> _Directions_
Once the pictures are removed, output the remaining entries exactly as given.

(Stored data entries)
Segment Open
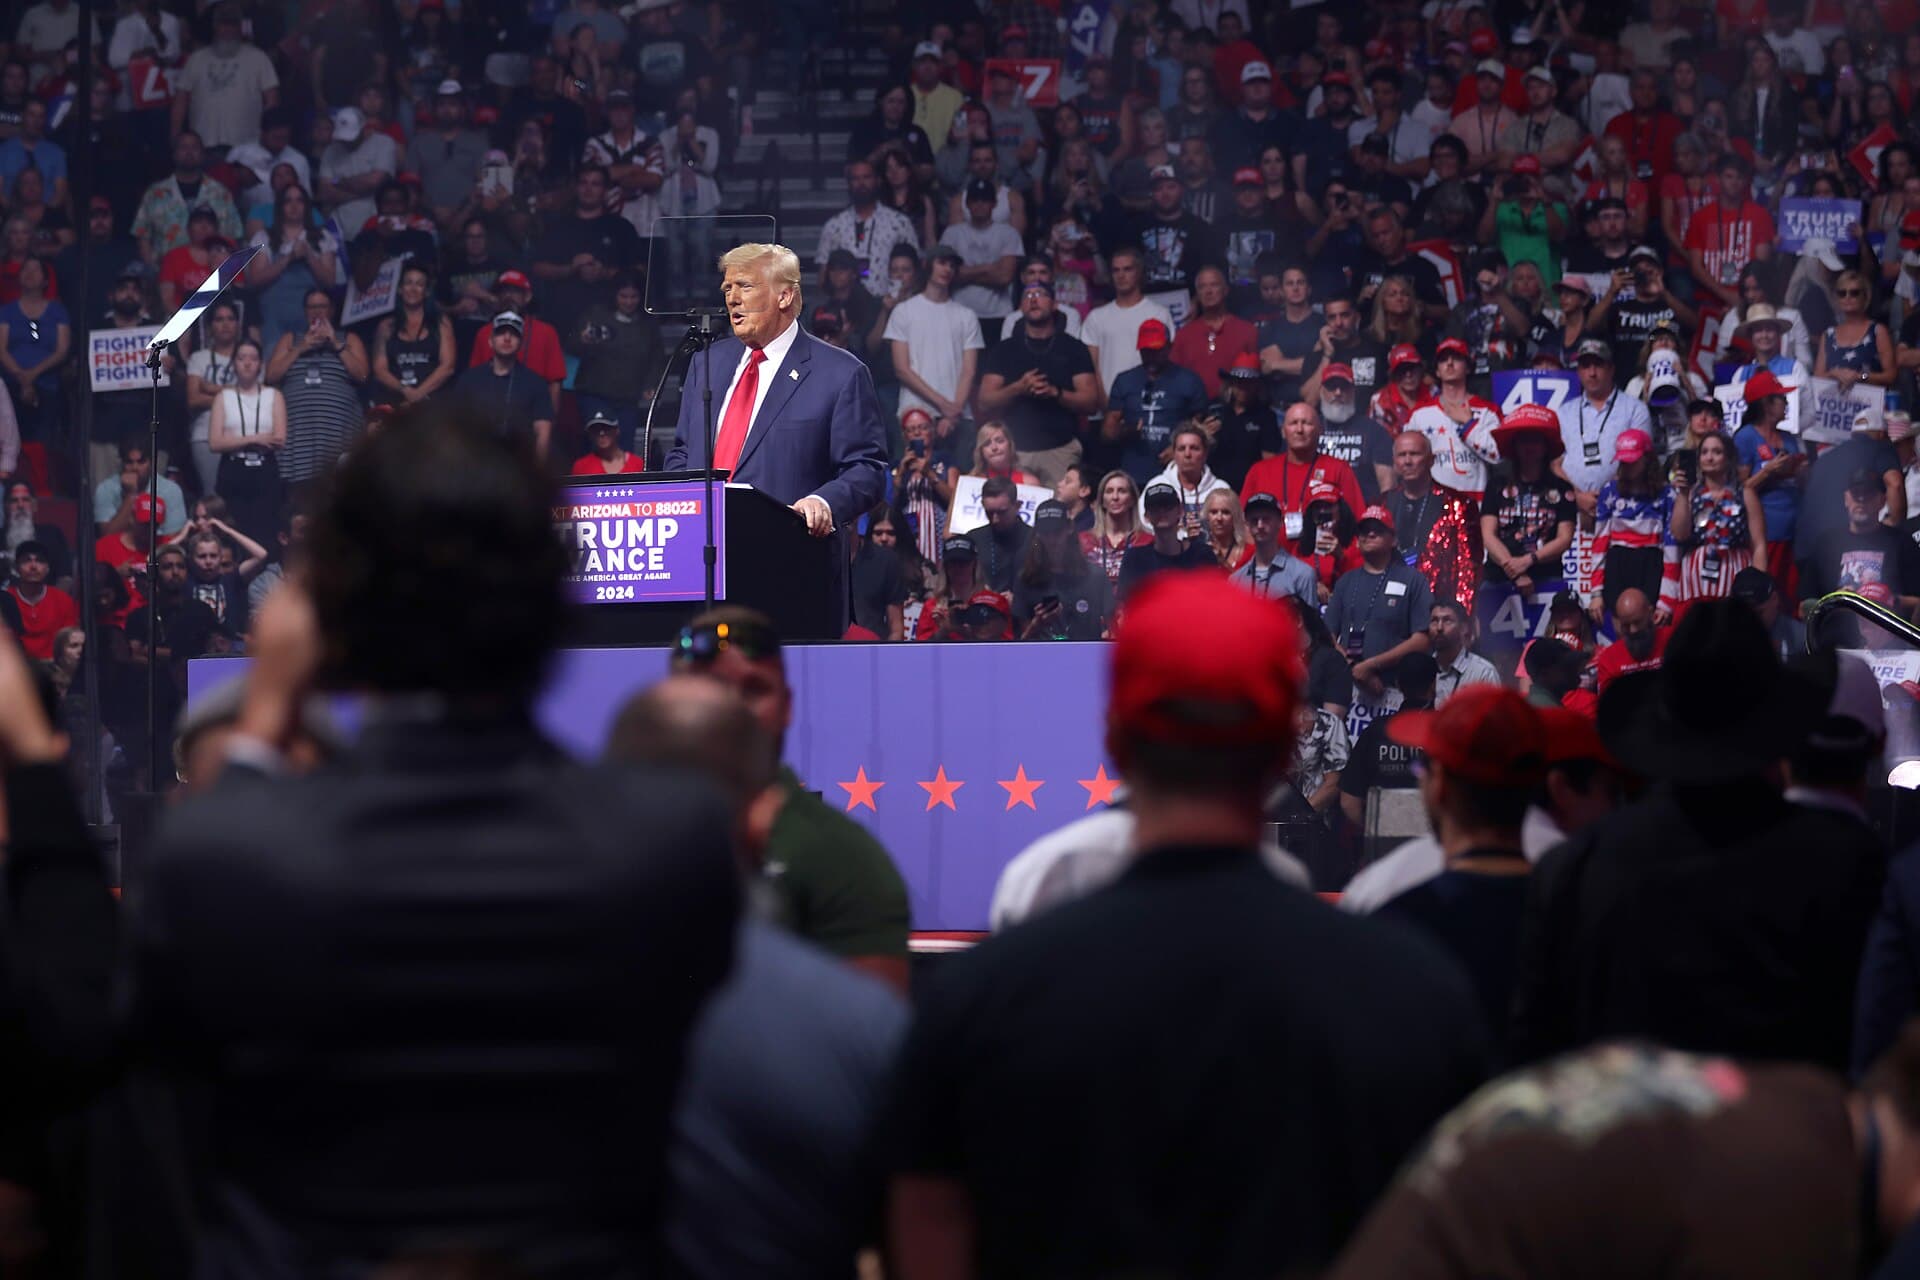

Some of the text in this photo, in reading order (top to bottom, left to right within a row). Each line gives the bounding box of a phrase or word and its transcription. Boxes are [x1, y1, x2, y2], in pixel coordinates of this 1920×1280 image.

[1784, 211, 1857, 227] TRUMP
[1791, 225, 1848, 241] VANCE
[95, 365, 148, 381] FIGHT
[1501, 377, 1571, 417] 47
[571, 503, 631, 519] ARIZONA
[634, 504, 652, 517] TO
[655, 501, 697, 515] 88022
[583, 574, 617, 582] AMERICA
[618, 573, 643, 581] GREAT
[596, 586, 636, 600] 2024
[1489, 593, 1555, 639] 47
[1379, 745, 1425, 761] POLIC
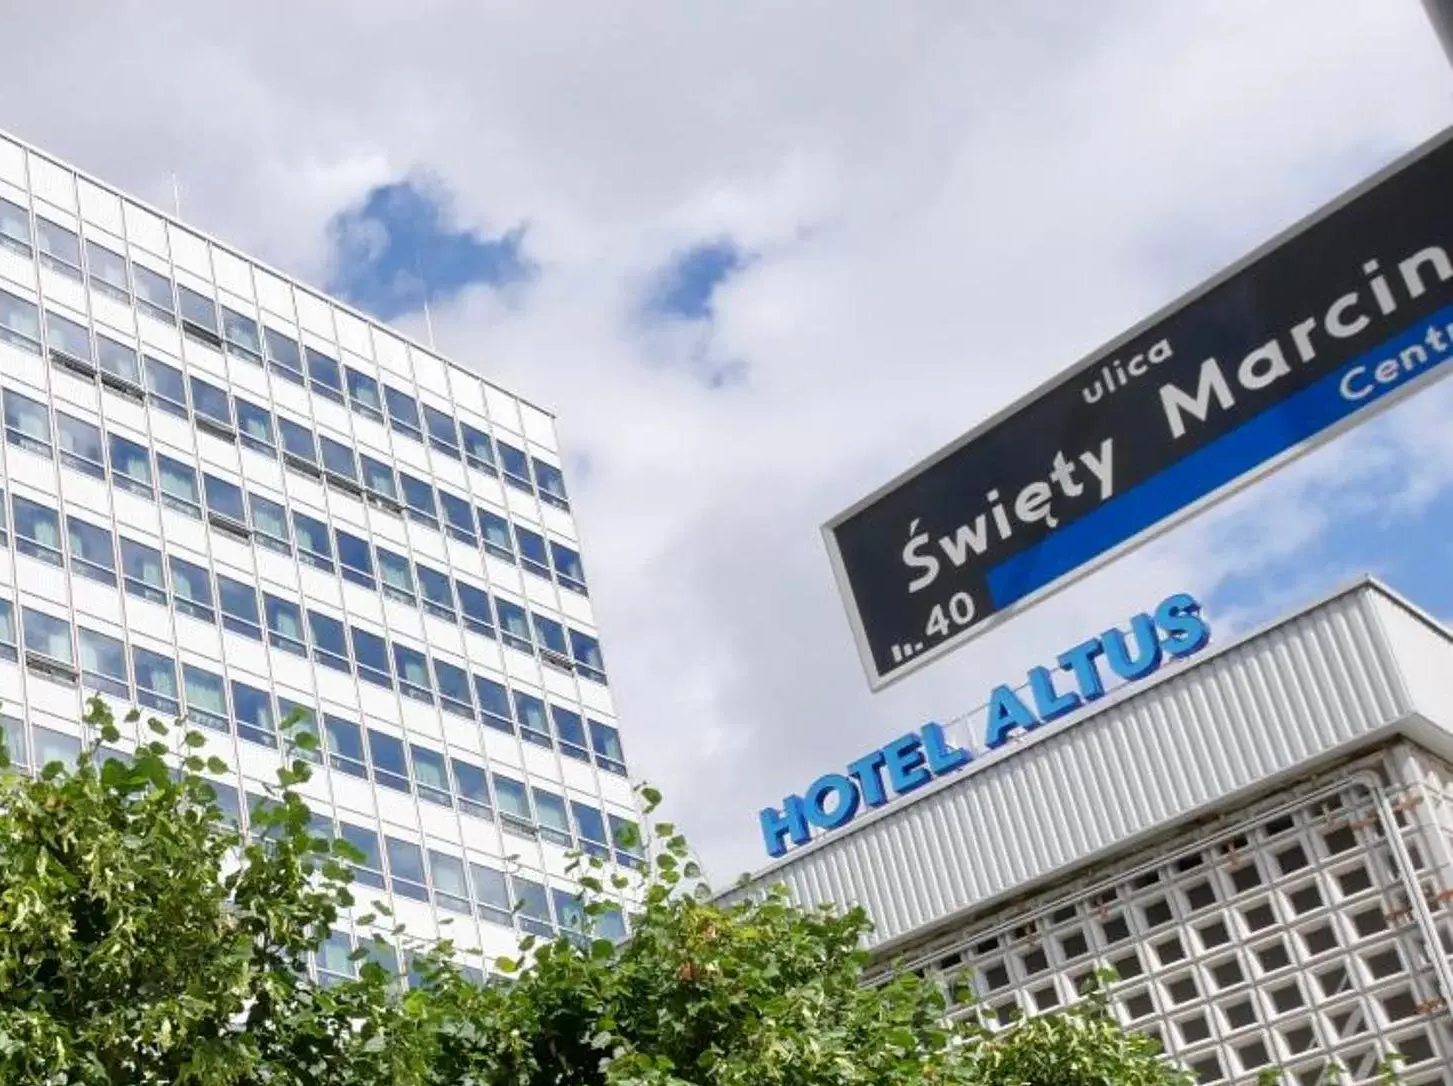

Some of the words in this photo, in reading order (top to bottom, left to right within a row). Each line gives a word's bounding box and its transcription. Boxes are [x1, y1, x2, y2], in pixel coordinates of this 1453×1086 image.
Segment Closed
> _Output of the task_
Some of the text in this photo, in reading order (top to bottom, left to right within a row). Each line gives the bounding box of a phrase or word and its transcription. Boxes are [x1, y1, x2, y2], in pixel coordinates of this 1920×1280 image.

[1784, 211, 1857, 227] TRUMP
[1791, 225, 1848, 241] VANCE
[95, 365, 148, 381] FIGHT
[1501, 377, 1571, 417] 47
[571, 503, 631, 519] ARIZONA
[634, 504, 652, 517] TO
[655, 501, 697, 515] 88022
[583, 574, 617, 582] AMERICA
[618, 573, 643, 581] GREAT
[596, 586, 636, 600] 2024
[1489, 593, 1555, 639] 47
[1379, 745, 1425, 761] POLIC

Some of the words in this photo, in reading order (top to bottom, left to right within a row). Each line gives a word's bounding box and its transcription. Boxes are [x1, y1, x2, y2], in pixel coordinates of this 1453×1086 image.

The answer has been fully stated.